(Free-text object descriptions)
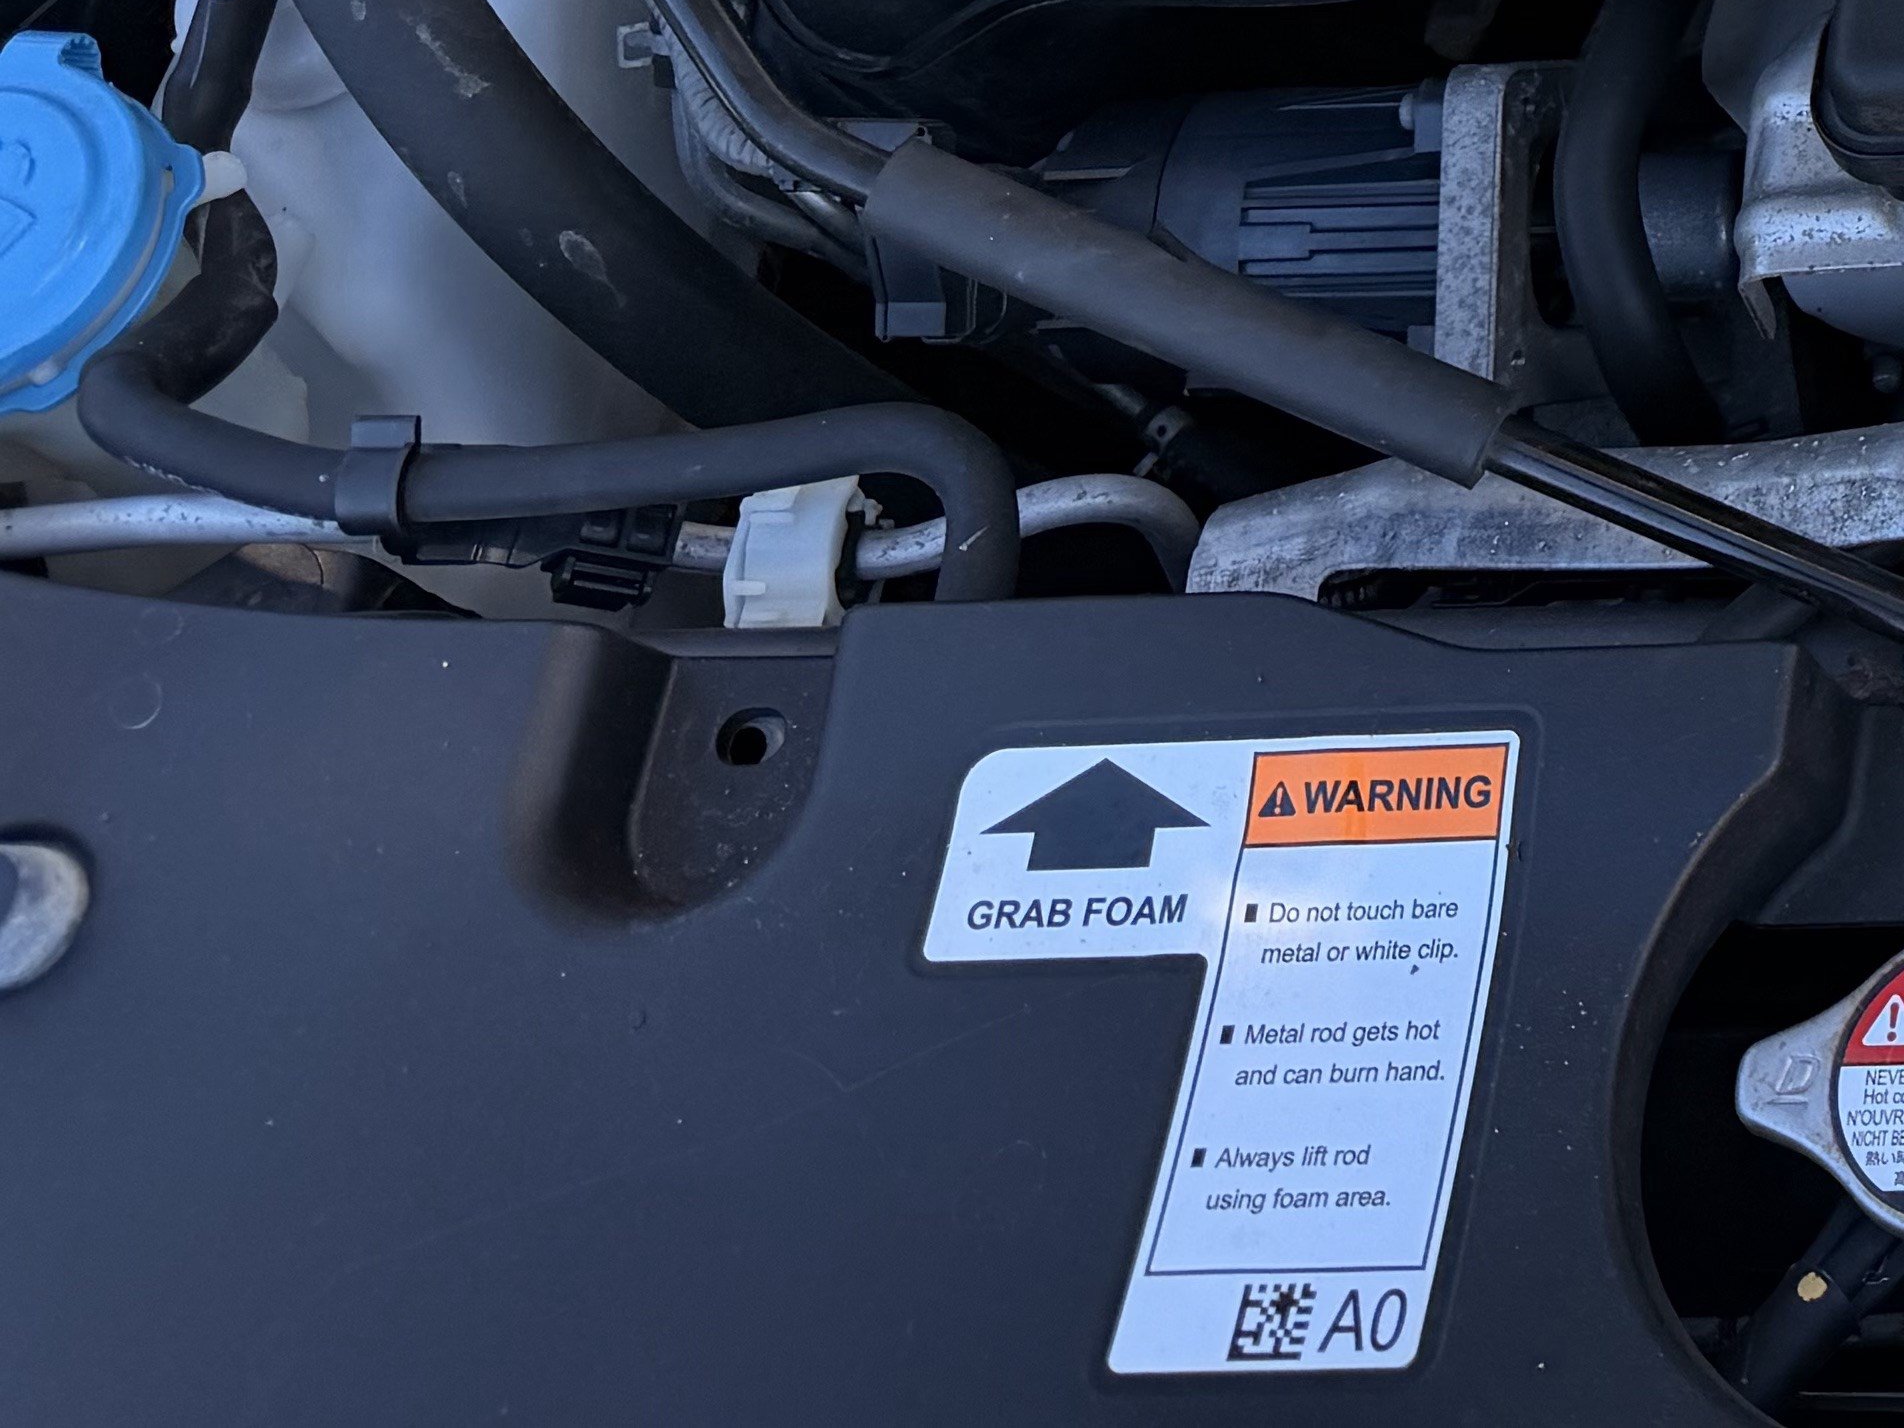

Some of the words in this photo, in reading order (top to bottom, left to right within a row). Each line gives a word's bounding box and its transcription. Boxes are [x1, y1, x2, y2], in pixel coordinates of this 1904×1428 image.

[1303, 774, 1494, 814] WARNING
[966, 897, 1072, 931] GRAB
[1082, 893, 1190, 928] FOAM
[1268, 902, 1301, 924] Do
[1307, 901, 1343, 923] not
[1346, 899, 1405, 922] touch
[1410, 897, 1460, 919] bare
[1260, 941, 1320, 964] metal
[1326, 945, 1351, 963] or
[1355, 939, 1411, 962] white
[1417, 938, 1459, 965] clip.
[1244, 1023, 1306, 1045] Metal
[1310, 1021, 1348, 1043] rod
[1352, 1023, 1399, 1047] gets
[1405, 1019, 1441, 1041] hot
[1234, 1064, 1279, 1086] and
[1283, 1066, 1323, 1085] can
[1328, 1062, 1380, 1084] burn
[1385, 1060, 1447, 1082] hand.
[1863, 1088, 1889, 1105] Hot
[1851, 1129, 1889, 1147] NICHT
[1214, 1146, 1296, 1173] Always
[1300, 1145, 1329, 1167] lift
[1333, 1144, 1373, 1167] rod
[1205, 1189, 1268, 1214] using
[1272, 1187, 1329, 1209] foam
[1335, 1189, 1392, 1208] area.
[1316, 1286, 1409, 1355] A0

**Exercise goal**
Copy the lines above exactly. Do not include pictures.

**Answer area**
Some of the words in this photo, in reading order (top to bottom, left to right within a row). Each line gives a word's bounding box and its transcription. Boxes are [x1, y1, x2, y2], in pixel coordinates of this 1904×1428 image.

[1303, 774, 1494, 814] WARNING
[966, 897, 1072, 931] GRAB
[1082, 893, 1190, 928] FOAM
[1268, 902, 1301, 924] Do
[1307, 901, 1343, 923] not
[1346, 899, 1405, 922] touch
[1410, 897, 1460, 919] bare
[1260, 941, 1320, 964] metal
[1326, 945, 1351, 963] or
[1355, 939, 1411, 962] white
[1417, 938, 1459, 965] clip.
[1244, 1023, 1306, 1045] Metal
[1310, 1021, 1348, 1043] rod
[1352, 1023, 1399, 1047] gets
[1405, 1019, 1441, 1041] hot
[1234, 1064, 1279, 1086] and
[1283, 1066, 1323, 1085] can
[1328, 1062, 1380, 1084] burn
[1385, 1060, 1447, 1082] hand.
[1863, 1088, 1889, 1105] Hot
[1851, 1129, 1889, 1147] NICHT
[1214, 1146, 1296, 1173] Always
[1300, 1145, 1329, 1167] lift
[1333, 1144, 1373, 1167] rod
[1205, 1189, 1268, 1214] using
[1272, 1187, 1329, 1209] foam
[1335, 1189, 1392, 1208] area.
[1316, 1286, 1409, 1355] A0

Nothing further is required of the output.